China has some of the most polluted cities in the world and many of its rivers and lakes are full of toxic poisons after decades of breakneck economic growth.

The stunning economic growth means it accounted for 58 percent of carbon emissions worldwide in 2000-06, the International Energy Agency said in a report last week.

The environmental concerns extend to next summer's Beijing Olympics, with the International Olympic Committee and others voicing concern about the city's notoriously bad air pollution.

China aims to cut major pollutants by 10 percent between 2006 and 2010, but missed its target last year.

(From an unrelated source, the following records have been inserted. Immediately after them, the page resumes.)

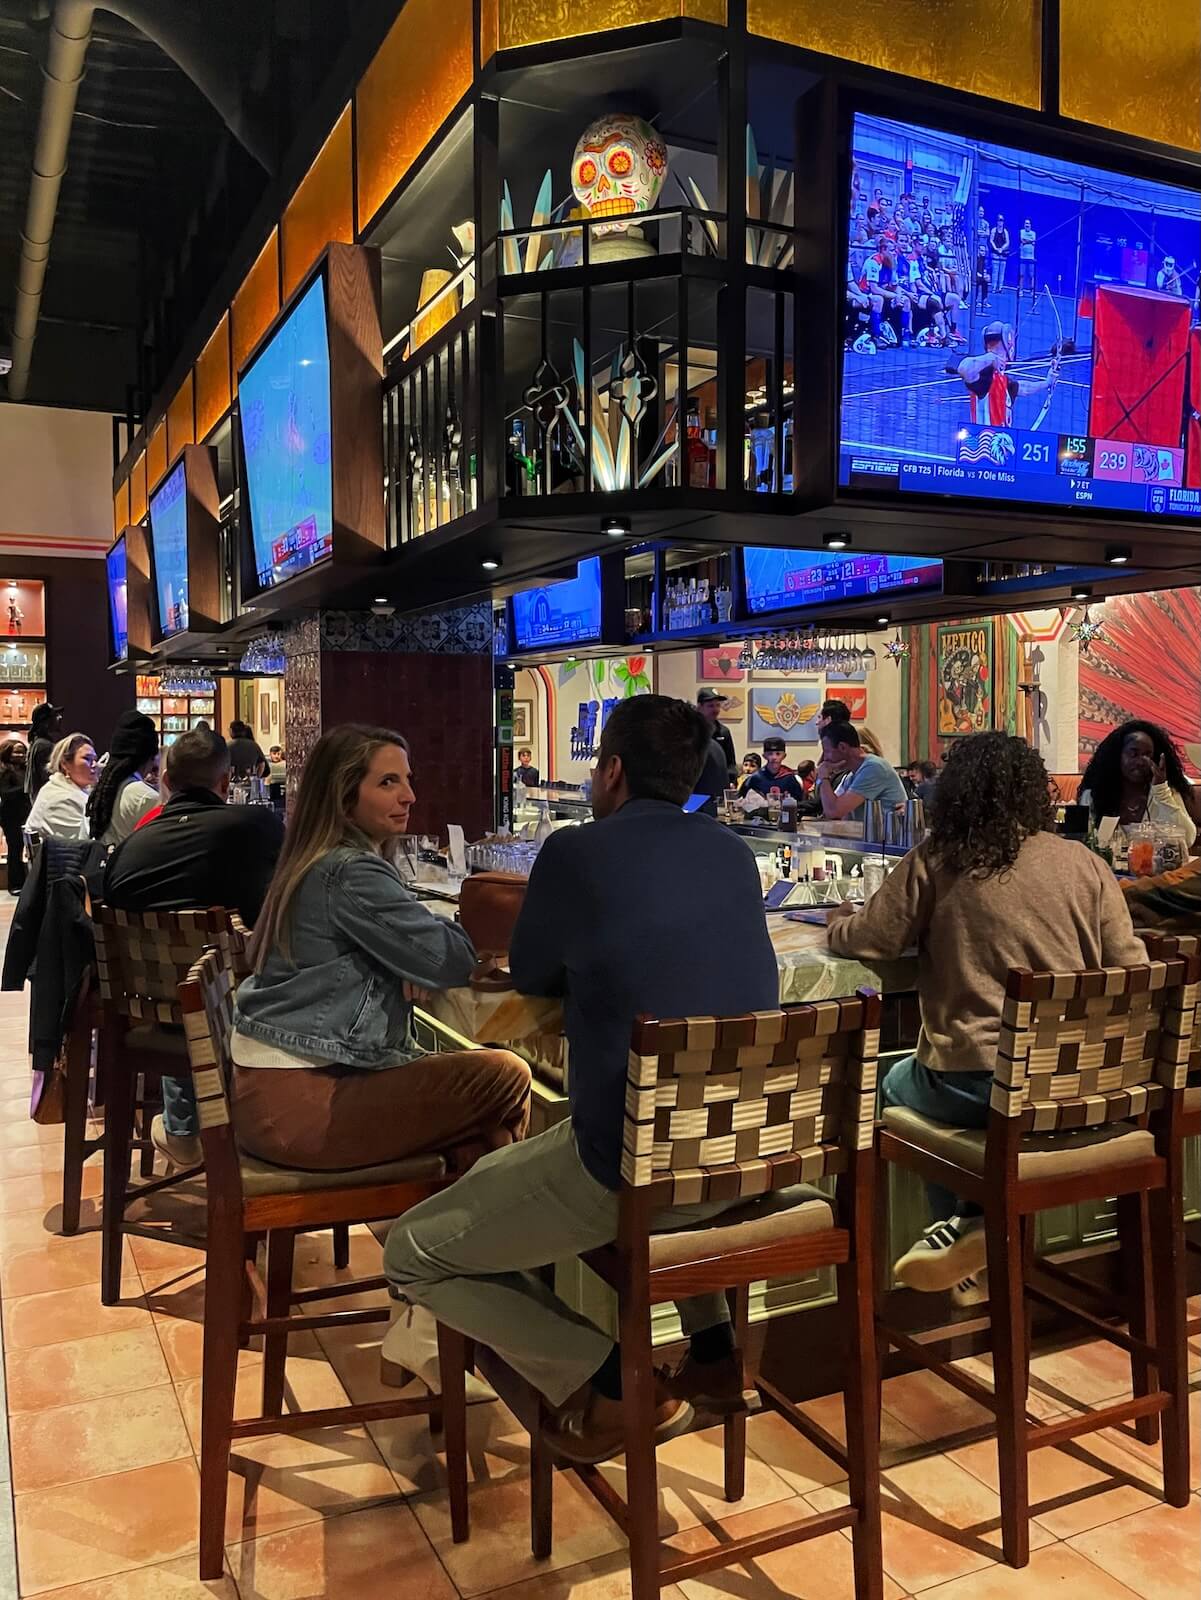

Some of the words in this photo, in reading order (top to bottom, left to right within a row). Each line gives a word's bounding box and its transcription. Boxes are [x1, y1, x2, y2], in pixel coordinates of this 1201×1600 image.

[1022, 443, 1049, 463] 251
[1066, 437, 1086, 454] 1:55
[1100, 451, 1127, 471] 239
[903, 464, 917, 474] CFB
[918, 465, 932, 475] T25
[938, 466, 965, 478] Florida
[967, 471, 976, 479] vs
[978, 470, 984, 480] 7
[985, 472, 996, 481] Ole
[997, 473, 1015, 483] Miss
[1081, 481, 1090, 490] ET
[1075, 491, 1093, 501] ESPN
[1169, 488, 1200, 504] FLORIDA
[811, 568, 822, 583] 23
[845, 562, 855, 577] 21
[942, 630, 986, 656] MEXICO

While China is against binding emissions caps, fearing they could harm economic growth, it is looking to technology — such as installations on power plants — to help cut emissions.

Zho said that a measure of water pollution, called chemical oxygen demand, or COD, also fell fractionally.

His report came a day after a commission on China's Yangtze River said the amount of sewage dumped into that waterway rose last year to a record 30.5 billion tons, according to the official Xinhua News Agency.

That was an increase of 3.1 percent, or 900 million tons, from the year before, according to Hu Jiajun, a spokesman for the Yangtze River Water Resources Commission, Xinhua said.